Would you transcribe each of the entries exactly, with nothing added or dropped?

- _MATERIAL SUPPLIED_
——

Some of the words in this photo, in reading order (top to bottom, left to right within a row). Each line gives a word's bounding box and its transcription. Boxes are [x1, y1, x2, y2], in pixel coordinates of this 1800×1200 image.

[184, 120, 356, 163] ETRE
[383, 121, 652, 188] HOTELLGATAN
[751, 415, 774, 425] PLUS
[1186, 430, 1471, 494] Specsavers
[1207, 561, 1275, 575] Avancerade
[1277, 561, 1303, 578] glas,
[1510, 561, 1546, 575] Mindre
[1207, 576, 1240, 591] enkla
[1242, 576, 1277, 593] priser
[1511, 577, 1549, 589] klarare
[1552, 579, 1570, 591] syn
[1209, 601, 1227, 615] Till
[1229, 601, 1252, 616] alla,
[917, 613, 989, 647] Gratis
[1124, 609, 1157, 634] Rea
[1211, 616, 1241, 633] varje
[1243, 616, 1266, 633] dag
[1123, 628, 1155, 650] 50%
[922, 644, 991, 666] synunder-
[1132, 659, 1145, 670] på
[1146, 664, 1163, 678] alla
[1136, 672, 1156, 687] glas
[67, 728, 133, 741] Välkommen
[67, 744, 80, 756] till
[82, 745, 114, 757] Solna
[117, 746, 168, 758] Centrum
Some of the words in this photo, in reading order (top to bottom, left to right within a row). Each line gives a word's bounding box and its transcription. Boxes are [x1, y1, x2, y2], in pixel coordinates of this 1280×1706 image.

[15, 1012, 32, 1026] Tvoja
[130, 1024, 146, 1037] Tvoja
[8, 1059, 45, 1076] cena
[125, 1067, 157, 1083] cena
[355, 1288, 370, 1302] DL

——

- _ANSWER TO THIS TASK_
Some of the words in this photo, in reading order (top to bottom, left to right within a row). Each line gives a word's bounding box and its transcription. Boxes are [x1, y1, x2, y2], in pixel coordinates of this 1800×1200 image.

[184, 120, 356, 163] ETRE
[383, 121, 652, 188] HOTELLGATAN
[751, 415, 774, 425] PLUS
[1186, 430, 1471, 494] Specsavers
[1207, 561, 1275, 575] Avancerade
[1277, 561, 1303, 578] glas,
[1510, 561, 1546, 575] Mindre
[1207, 576, 1240, 591] enkla
[1242, 576, 1277, 593] priser
[1511, 577, 1549, 589] klarare
[1552, 579, 1570, 591] syn
[1209, 601, 1227, 615] Till
[1229, 601, 1252, 616] alla,
[917, 613, 989, 647] Gratis
[1124, 609, 1157, 634] Rea
[1211, 616, 1241, 633] varje
[1243, 616, 1266, 633] dag
[1123, 628, 1155, 650] 50%
[922, 644, 991, 666] synunder-
[1132, 659, 1145, 670] på
[1146, 664, 1163, 678] alla
[1136, 672, 1156, 687] glas
[67, 728, 133, 741] Välkommen
[67, 744, 80, 756] till
[82, 745, 114, 757] Solna
[117, 746, 168, 758] Centrum
Some of the words in this photo, in reading order (top to bottom, left to right within a row). Each line gives a word's bounding box and its transcription. Boxes are [x1, y1, x2, y2], in pixel coordinates of this 1280×1706 image.

[15, 1012, 32, 1026] Tvoja
[130, 1024, 146, 1037] Tvoja
[8, 1059, 45, 1076] cena
[125, 1067, 157, 1083] cena
[355, 1288, 370, 1302] DL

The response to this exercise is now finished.